This is Pdude’s simplified glossary of definitions of some common terms thrown around in the Parkinson’s community:


Akinesia – episodes of problems starting movement or “freezing”. Sometimes occurs after stopping and trying to restart walking.  May also occur in tight spaces or in transition areas such as doorways or halls.

Bradykinesia – slowness of movement – often occurring with rigidity.

Dyskinesia – Involuntary movements similar to tics or twitches, or even dance like movements.  In the case of Parkinson’s Disease, dyskinesia can happen: in the “off” periods when medication levels are decreasing, at high peak levels – when the brain is trying to regulate the L-Dopa (the medications), in breakthrough periods, or in those with Parkinson’s who have have been on medications for a lengthy period of time and may not have enough dopamine producing neurons to convert the medication adequately into dopamine. Dyskinesia is more annoying than it is harmful – but it can cause embarrassment and other adverse social consequences.  It is often resolved by lowering the medication dosage or frequency (but doing so then allows the debilitating effects of Parkinson’s Disease come through).  Many doctors have delayed treating Parkinson’s Disease with Levadopa containing medications due to fear that doing so will initiate the person having dyskinesia sooner, but recent studies suggest this is unwarranted and waiting may delay a potentially better quality of life due to the benefits of initiating Levadopa therapy early to allow better functioning.

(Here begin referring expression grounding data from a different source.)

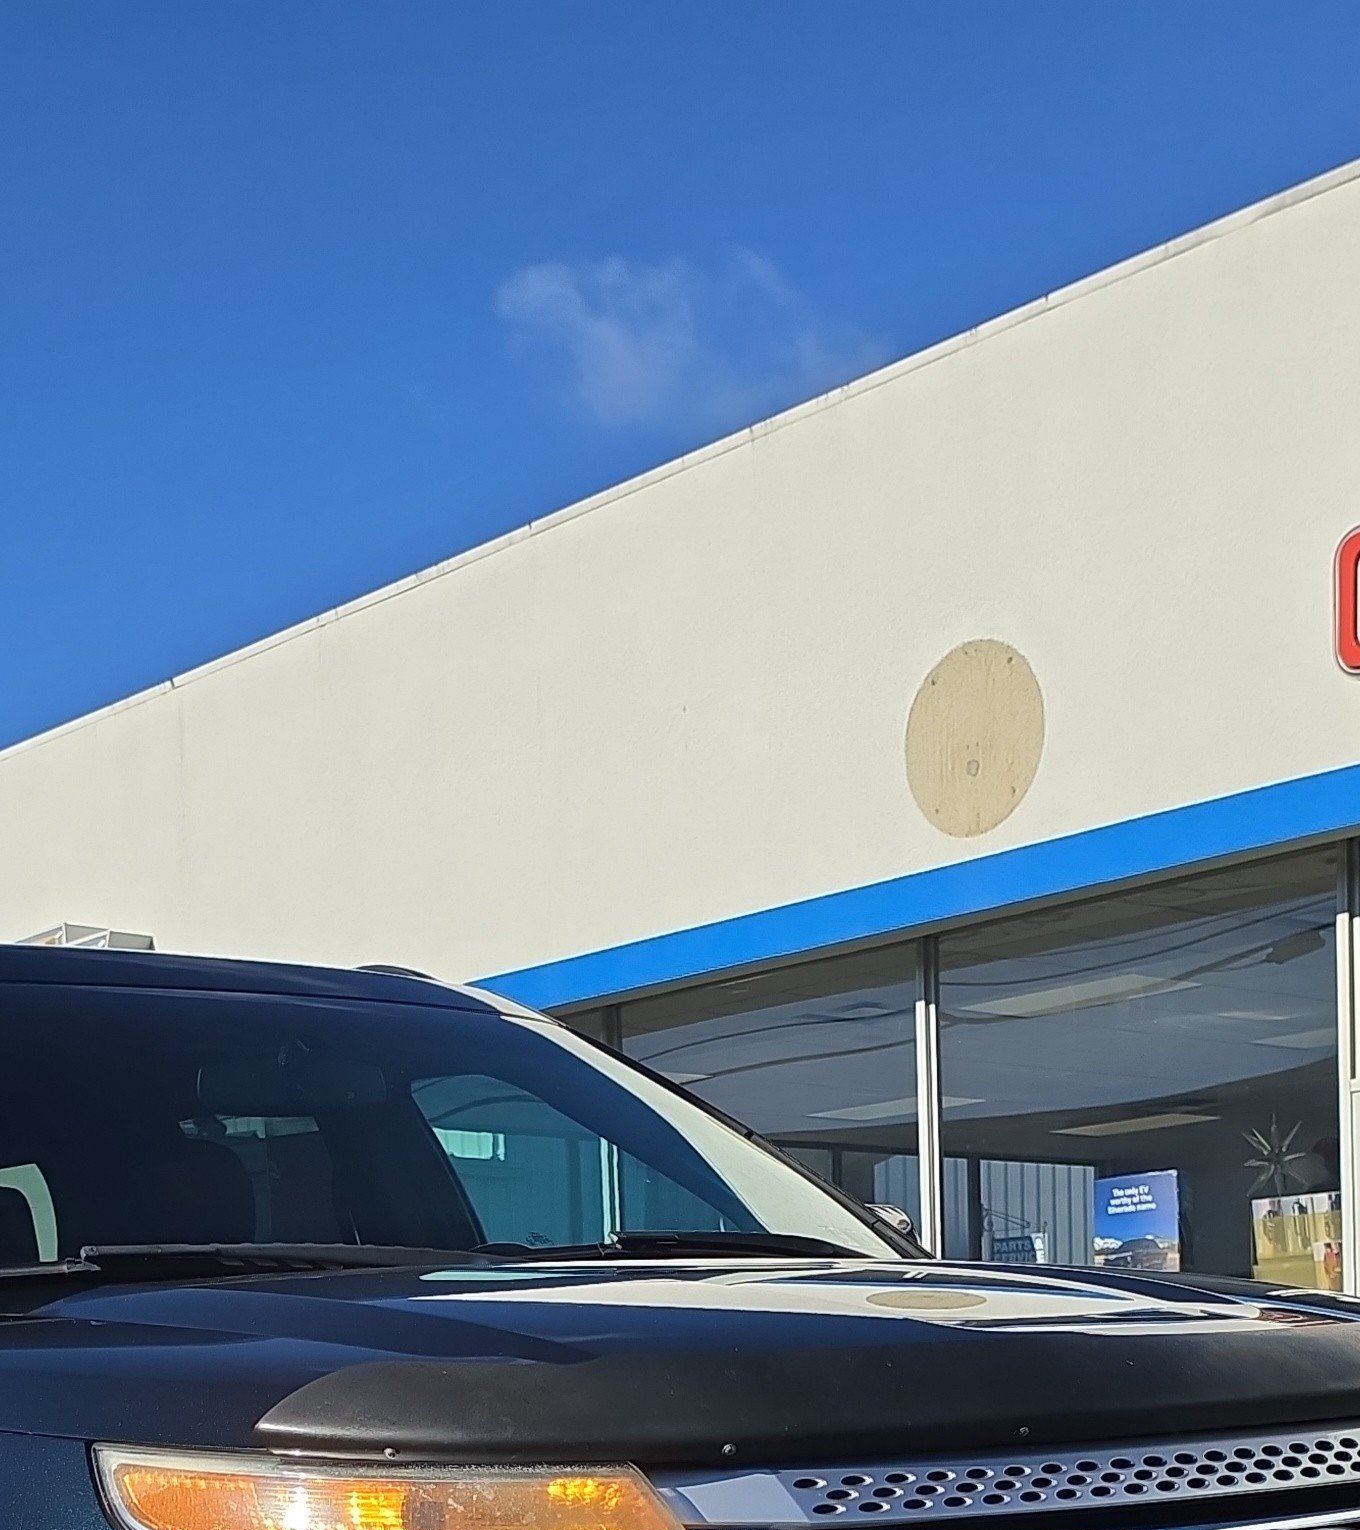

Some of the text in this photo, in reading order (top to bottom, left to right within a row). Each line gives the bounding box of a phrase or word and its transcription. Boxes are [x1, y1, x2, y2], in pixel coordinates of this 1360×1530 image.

[1112, 1185, 1149, 1197] The only EV
[1110, 1197, 1131, 1206] worthy
[1140, 1194, 1153, 1202] the
[1136, 1202, 1157, 1212] name
[993, 1240, 1031, 1252] PARTS
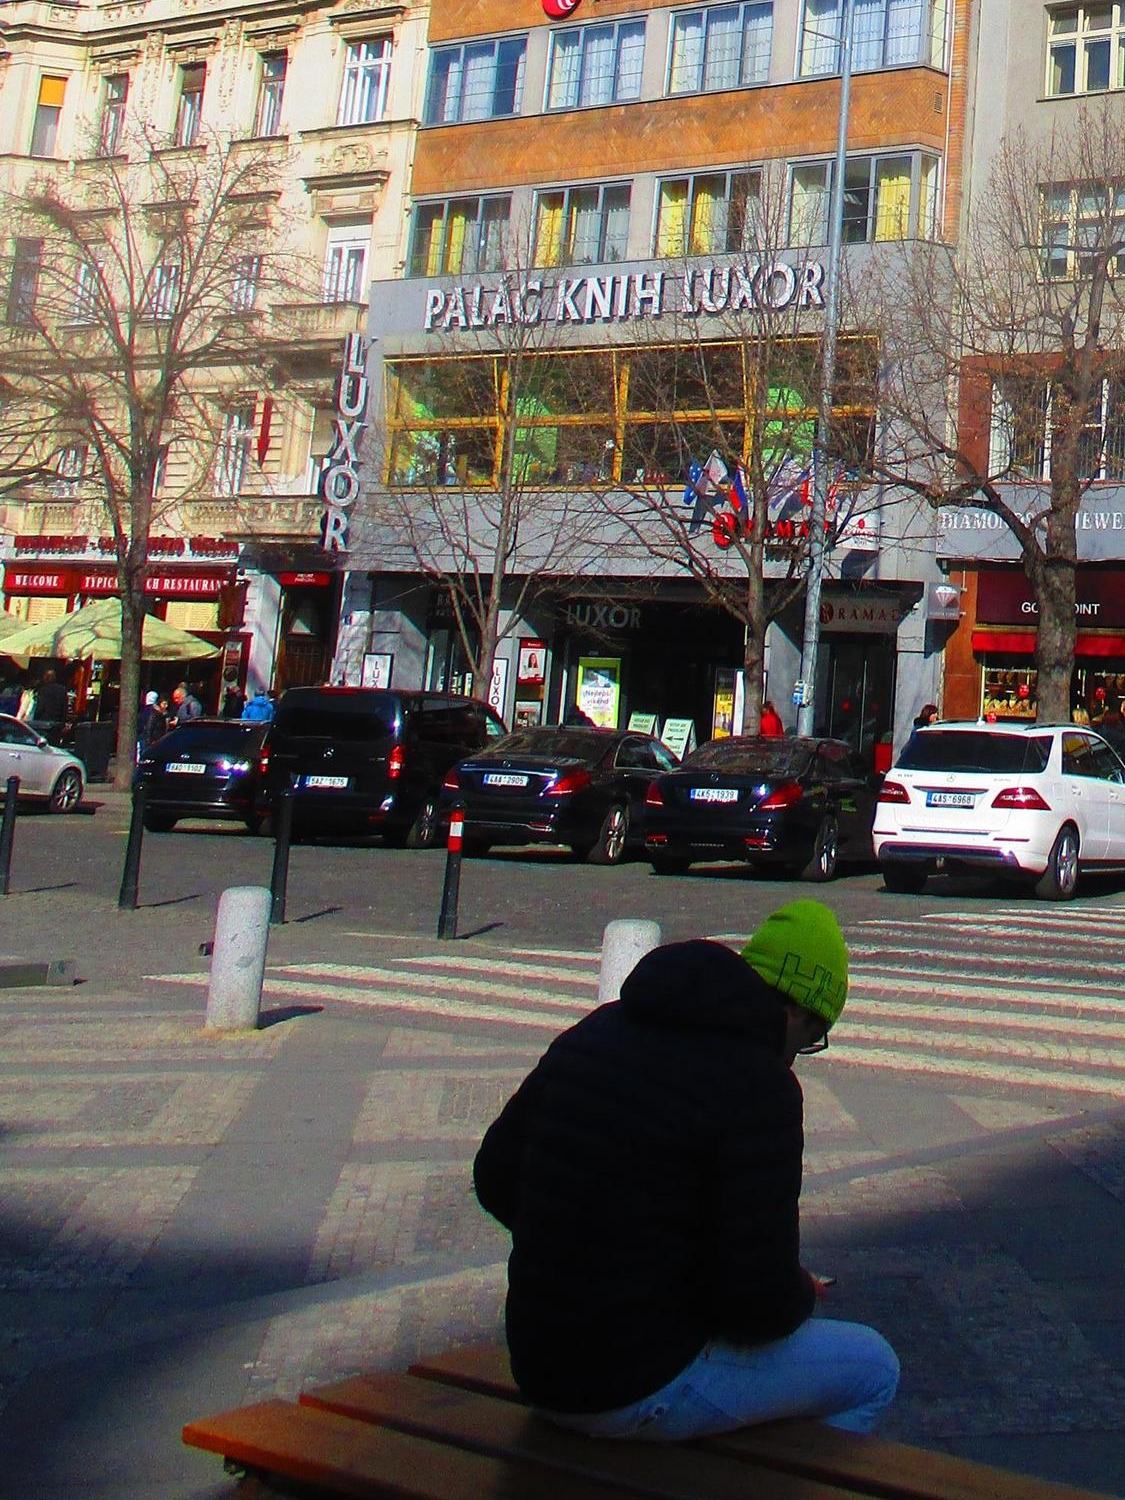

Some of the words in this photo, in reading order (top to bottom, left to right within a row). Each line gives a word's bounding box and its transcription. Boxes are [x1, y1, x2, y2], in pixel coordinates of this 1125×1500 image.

[557, 272, 664, 322] KNIH
[682, 261, 824, 313] LUXOR
[322, 332, 366, 551] LUXOR
[15, 574, 59, 587] WELCOME
[566, 604, 641, 628] LUXOR
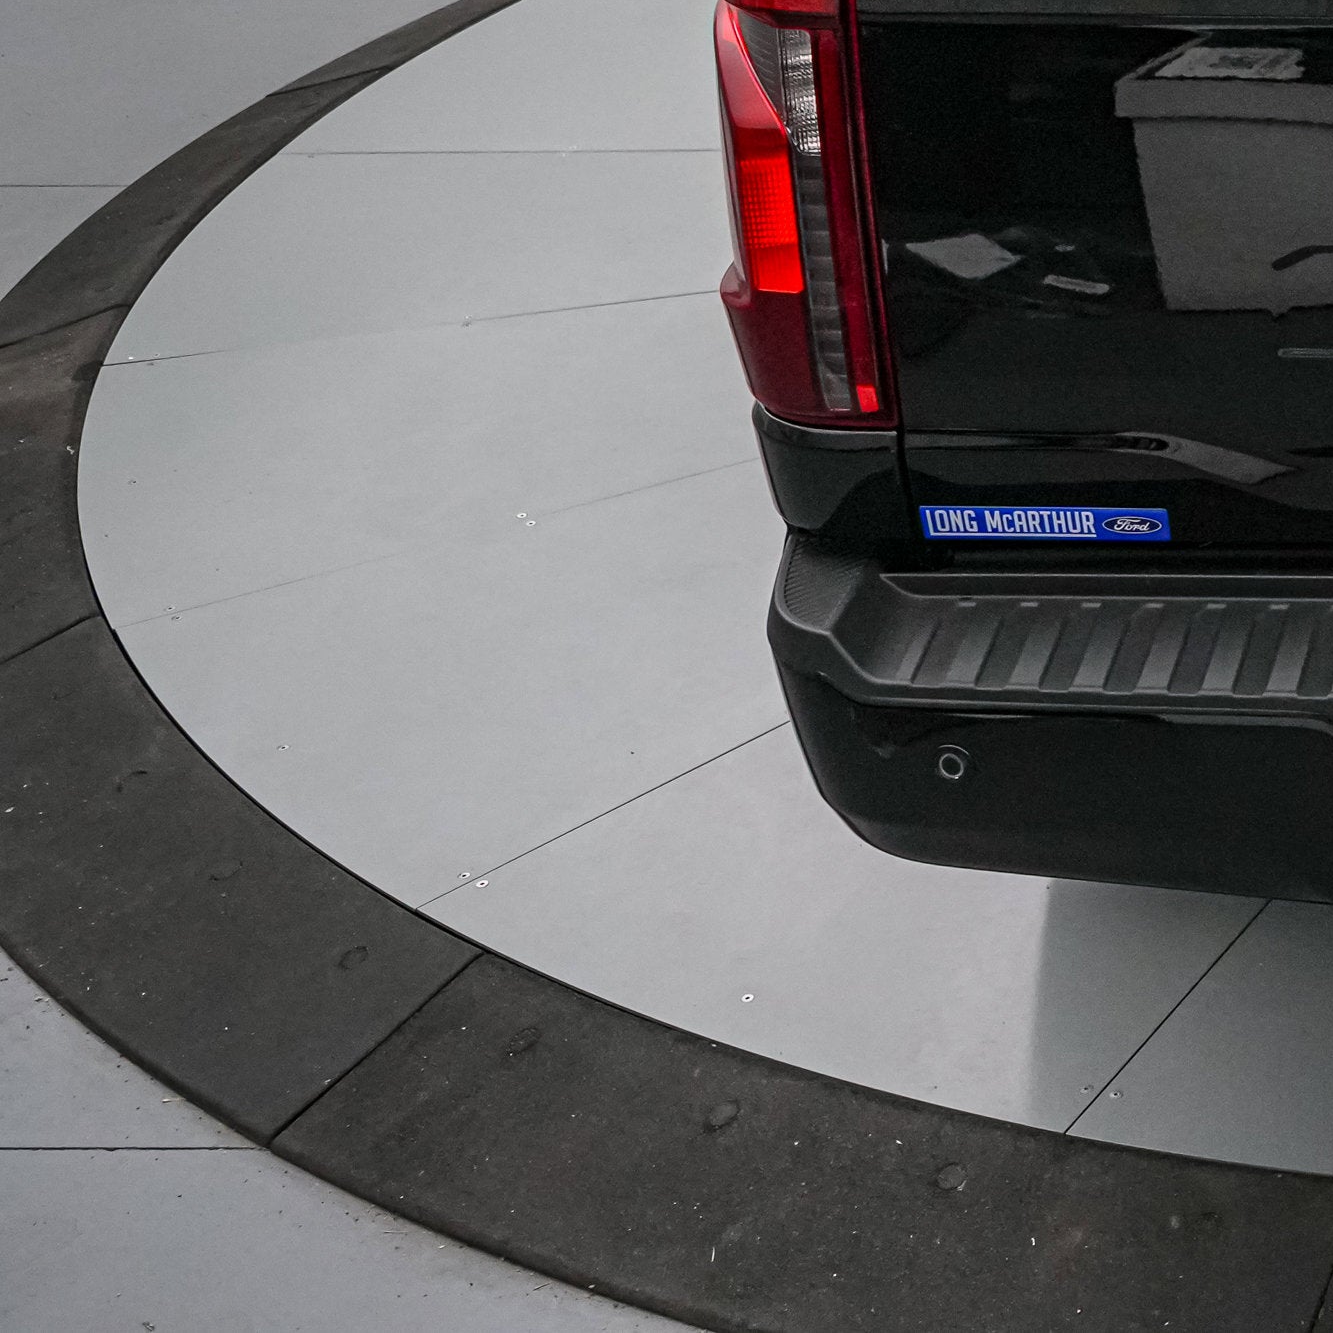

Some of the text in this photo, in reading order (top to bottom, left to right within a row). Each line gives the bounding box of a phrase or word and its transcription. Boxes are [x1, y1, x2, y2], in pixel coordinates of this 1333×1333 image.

[925, 509, 1150, 535] LONG McARTHUR Ford
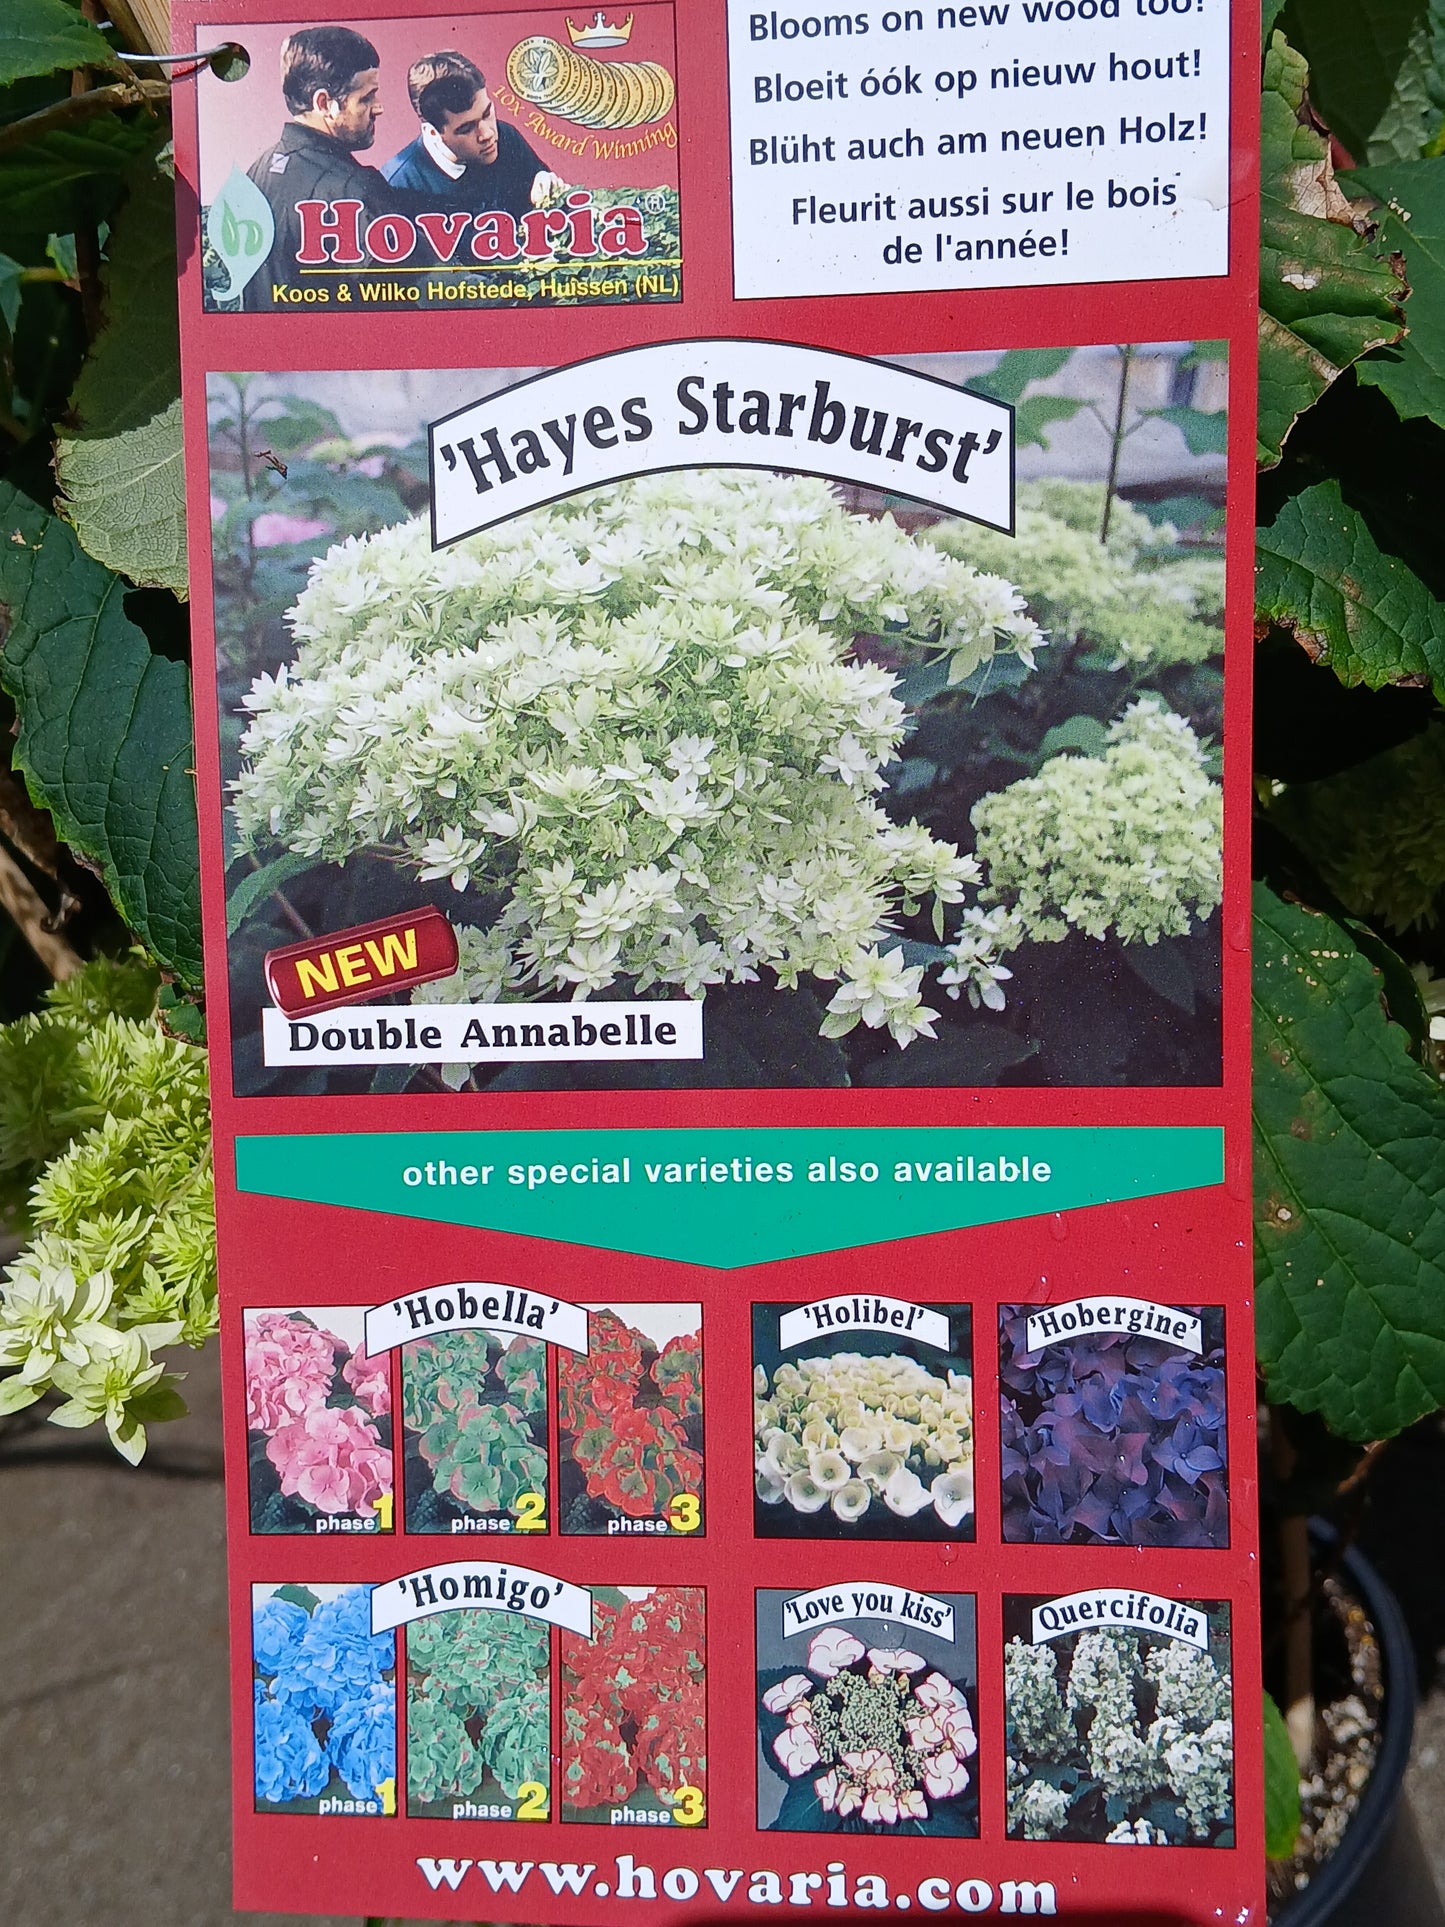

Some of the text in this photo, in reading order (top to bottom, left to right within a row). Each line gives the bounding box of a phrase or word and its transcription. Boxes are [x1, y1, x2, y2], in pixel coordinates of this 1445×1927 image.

[750, 9, 869, 41] Blooms
[882, 7, 924, 32] on
[937, 1, 1009, 29] new
[1024, 0, 1120, 23] wood
[754, 49, 1202, 103] Bloeit óók op nieuw hout!
[524, 111, 594, 157] Award
[592, 121, 678, 160] Winning
[750, 112, 1208, 165] Blüht auch am neuen Holz!
[792, 177, 1177, 225] Fleurit aussi sur le bois
[295, 190, 647, 265] Hovaria
[883, 228, 1069, 265] de l'année!
[273, 273, 679, 304] Koos & Wilko Hofstede, Huissen (NL)
[294, 927, 419, 998] NEW
[289, 1014, 677, 1052] Double Annabelle
[402, 1155, 1052, 1190] other special varieties also available
[316, 1493, 393, 1533] phase 1
[451, 1493, 546, 1533] phase 2
[608, 1494, 701, 1535] phase 3
[850, 1591, 893, 1615] you
[1038, 1598, 1200, 1637] Quercifolia
[319, 1778, 396, 1816] phase 1
[453, 1782, 548, 1820] phase 2
[610, 1786, 705, 1824] phase 3
[416, 1855, 1058, 1915] www.hovaria.com

Dystonia –  This can best be described as cramps, aches, spasms, and abnormal posturing.  The possible causes of dystonia have been attributed to factors such as genetics, muscle fatigue, and the brain trying to regulate itself (as in when levadopa levels fall, etc.).  Dystonia can be a genetically inherited disorder itself even in the absence of Parkinson’s Disease.  I think one could easily get “lost” talking about all the possible causes of dystonia or in trying to separate what is brain-related dystonia from what is muscle fatigue following a tremor or even involuntary muscle contraction. The bottom line is that dystonia involves pain, spasms and abnormal posturing.    In the case of Parkinson’s Disease, some experts say that dystonia only happens on the most impacted side, but many people with Parkinson’s have reported dystonia happening on both sides of the body, or even an area of the non-impacted side, such as the opposing foot or leg.  Common areas of dystonia include: arms, wrists, shoulders, neck, feet, arches, ankles, and back, but it has been reported in various other places including things like the chest muscles and abdomen.  It can result in strange posturing such as contortions of the neck or limbs.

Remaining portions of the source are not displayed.